The article stressed that differences as small as 10 picometers could notably change bond angles, which would then change the number of residues per turn, thus dramatically affecting the shape of the helix. Next, the authors elaborated upon the likely arrangements of molecules within the helix due to symmetry or lack of symmetry in certain molecular bonds. Pauling and Corey further noted that they had used x-ray crystallography to validate their arguments and determine the crystal structures in question. From his earliest days as a scientist, Pauling had established himself as a major figure in x-ray crystallography, a technique by which an operator fires x-rays at a substance in question, then measures the way that the x-rays have deflected off of the substance. By analyzing these deflection patterns, researchers were then able to develop models of the shapes of molecular structures.

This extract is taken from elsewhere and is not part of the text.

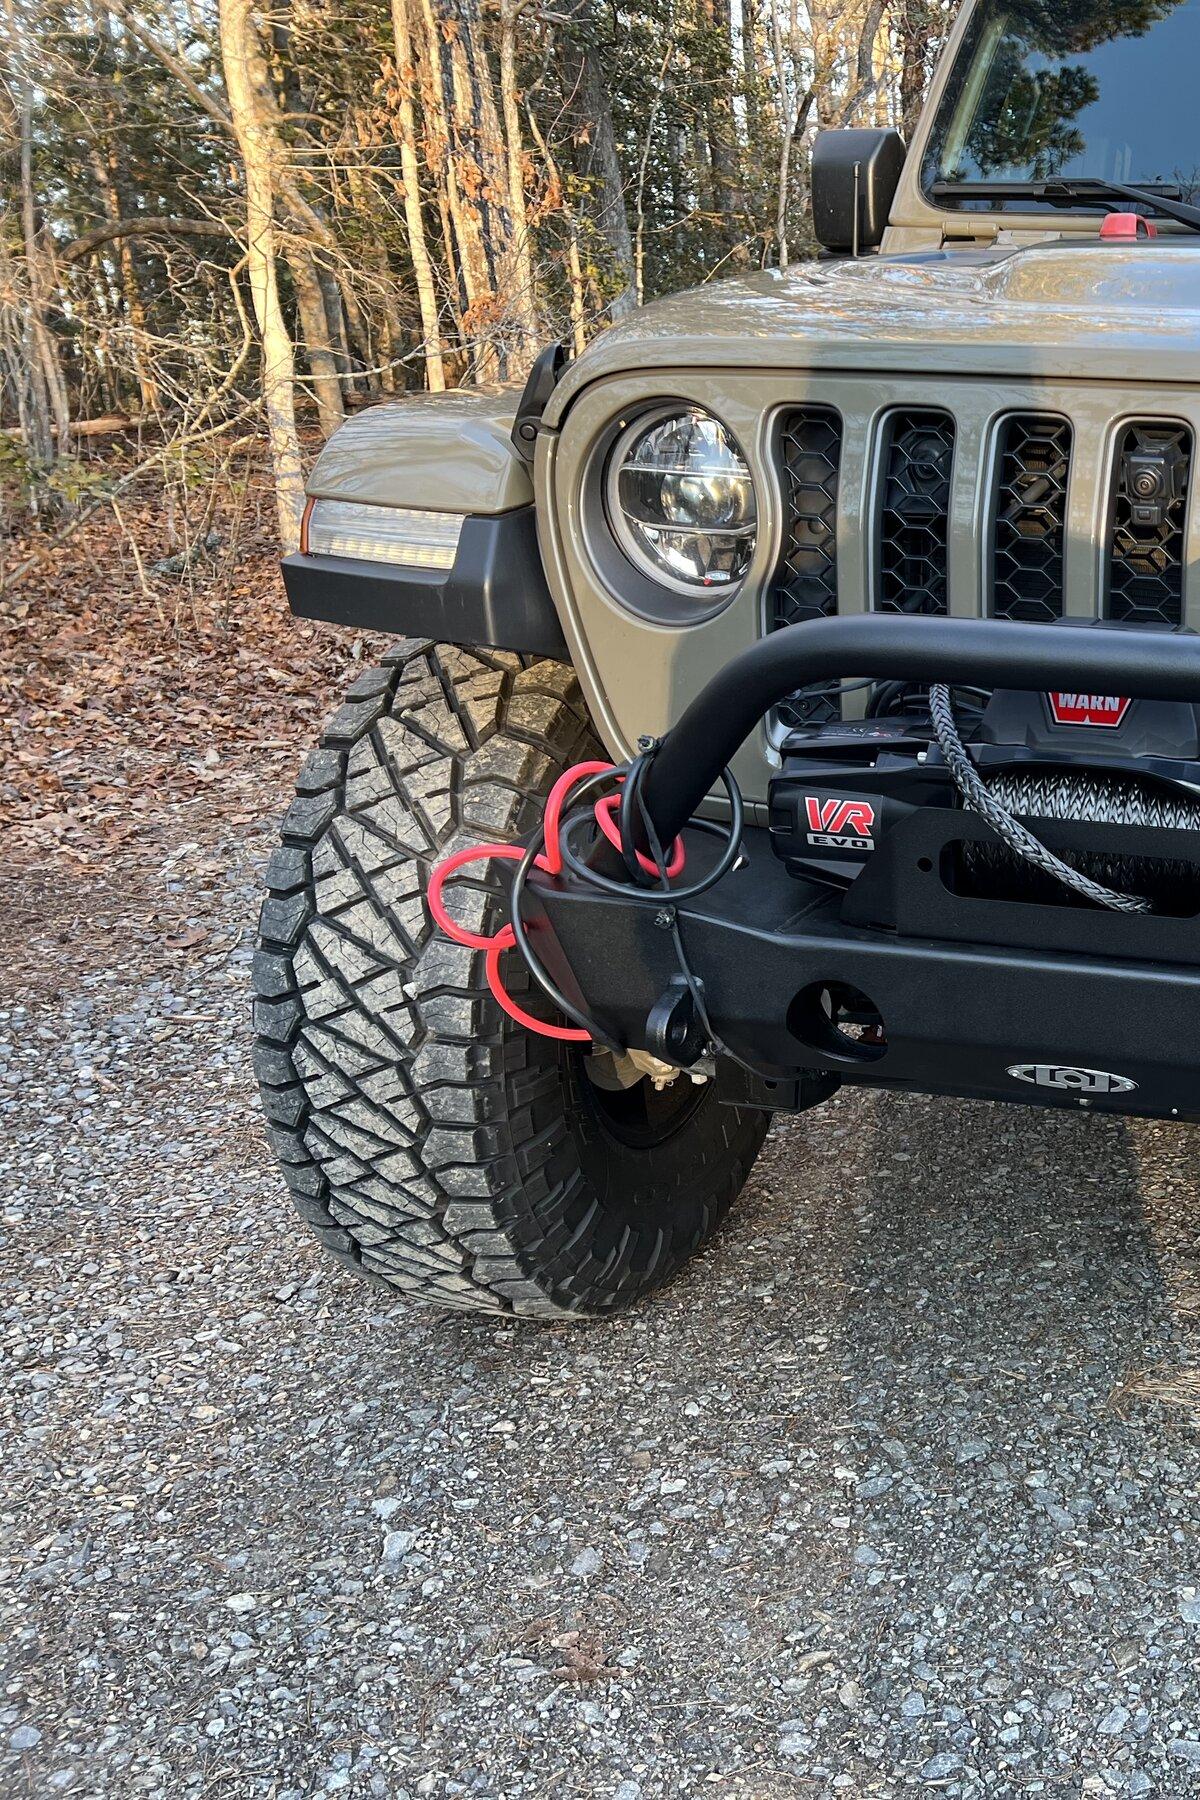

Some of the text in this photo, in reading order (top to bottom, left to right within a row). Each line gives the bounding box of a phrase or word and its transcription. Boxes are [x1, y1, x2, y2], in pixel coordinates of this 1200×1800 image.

[1058, 693, 1119, 711] WARN
[804, 796, 875, 836] VR
[812, 835, 869, 848] EVO

Once the γ-helix had been explained, the article moved on to discuss the Alpha-helix (α-helix). The group explained that the γ-helix and the α-helix were similar in terms of how the hydrogens bonded with other molecular groups, and how the residues fit under those configurations. They also detailed the exact interatomic distances between hydrogen and various other molecules in the structure, while pointing out that the distance between carbon and its other bonds determined the number of residues per turn. The number of turns, however, was variable; the smallest possible angle of 108.9˚ resulted in a residue of 3.6, while the largest possible angle of 110.8˚ resulted in a 3.67 residue.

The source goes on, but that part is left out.